Estimated annualized interest payments on the US government debt pile climbed past $1 trillion at the end of last month, Bloomberg analysis shows. That amount has doubled in the past 19 months, and is equivalent to 15.9% of the entire Federal budget for fiscal year 2022.

The figures are calculated using US Treasury data which state the government’s monthly outstanding debt balances and the average interest it pays.

The worsening metrics may reignite debate about the US fiscal path amid heavy borrowing from Washington. That dynamic has already helped drive up bond yields, threatened the return of the so-called bond vigilantes and led Fitch Ratings to downgrade US government debt in August.

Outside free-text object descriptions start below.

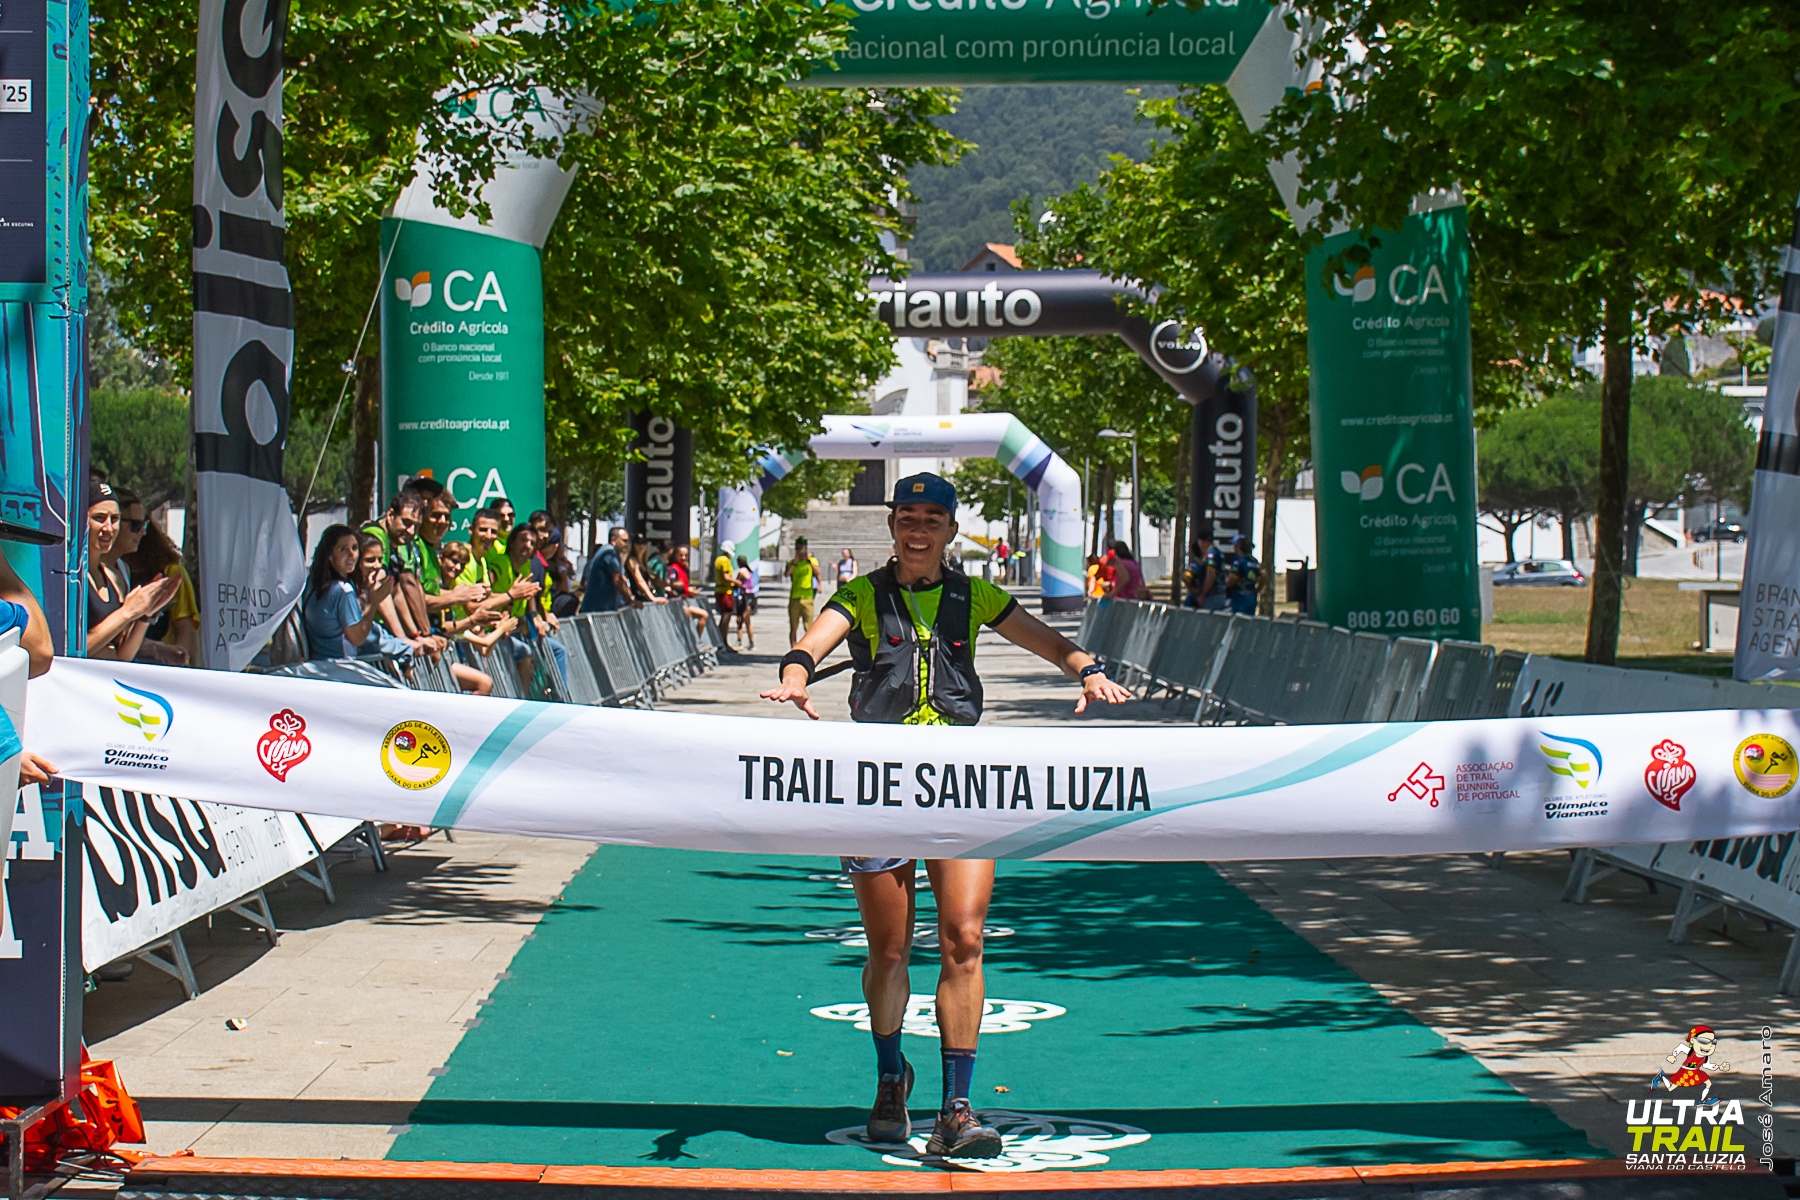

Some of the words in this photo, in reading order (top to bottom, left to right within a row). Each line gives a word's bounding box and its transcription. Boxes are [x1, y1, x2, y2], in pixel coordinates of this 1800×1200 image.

[955, 40, 1014, 59] com
[1023, 33, 1160, 62] pronúncia
[1169, 31, 1236, 56] local
[489, 87, 547, 122] CA
[443, 270, 508, 312] CA
[1389, 264, 1448, 305] CA
[409, 321, 455, 335] Crédito
[458, 321, 509, 336] Agrícola
[1353, 316, 1400, 330] Crédito
[423, 342, 430, 352] O
[431, 342, 458, 352] Banco
[459, 343, 495, 352] nacional
[437, 353, 480, 363] pronúncia
[482, 353, 502, 363] local
[398, 418, 510, 432] www.creditoagricola.pt
[447, 467, 508, 509] CA
[638, 416, 675, 556] riauto
[1396, 463, 1455, 504] CA
[1360, 514, 1408, 528] Crédito
[218, 583, 272, 608] BRAND
[219, 607, 274, 630] STRAT
[1348, 611, 1381, 629] 808
[1385, 610, 1409, 628] 20
[1413, 608, 1437, 626] 60
[1440, 607, 1460, 625] 60
[424, 724, 448, 754] ATLETISMO
[104, 749, 169, 761] Olímpico
[260, 735, 309, 766] VIANA
[104, 757, 168, 770] Vianense
[1456, 761, 1514, 773] ASSOCIAÇÃO
[402, 781, 412, 789] DO
[413, 774, 441, 789] CASTELO
[738, 754, 844, 805] TRAIL
[857, 760, 903, 807] DE
[915, 762, 1034, 811] SANTA
[1046, 765, 1151, 811] LUZIA
[1457, 774, 1468, 782] DE
[1470, 773, 1495, 781] TRAIL
[1647, 763, 1694, 796] VIANA
[1457, 782, 1499, 792] RUNNING
[1457, 792, 1470, 802] DE
[1472, 790, 1521, 801] PORTUGAL
[1544, 801, 1608, 811] Olímpico
[1545, 810, 1608, 819] Vianense

“There will be further increases to Treasury coupon auctions and T-bills outstanding going forward,” Bloomberg Intelligence strategists Ira Jersey and Will Hoffman wrote in a research note. “Besides deficits of over $2 trillion in the foreseeable future, climbing maturities following the increase of issuance from March 2020 will also need to be refinanced.”

There is no debt as long as we print money.

Just hit me with another (global) force majeure and we're back at raising balance sheets and buying gov debt with money that noone ever had to work for.
 
There is no debt as long as we print money.
If you modify this slightly to "there is no debt as long as what you call "debt" is denominated in the same money units you can print without limit," then you've got it. Unfortunately, there is such a thing as price inflation.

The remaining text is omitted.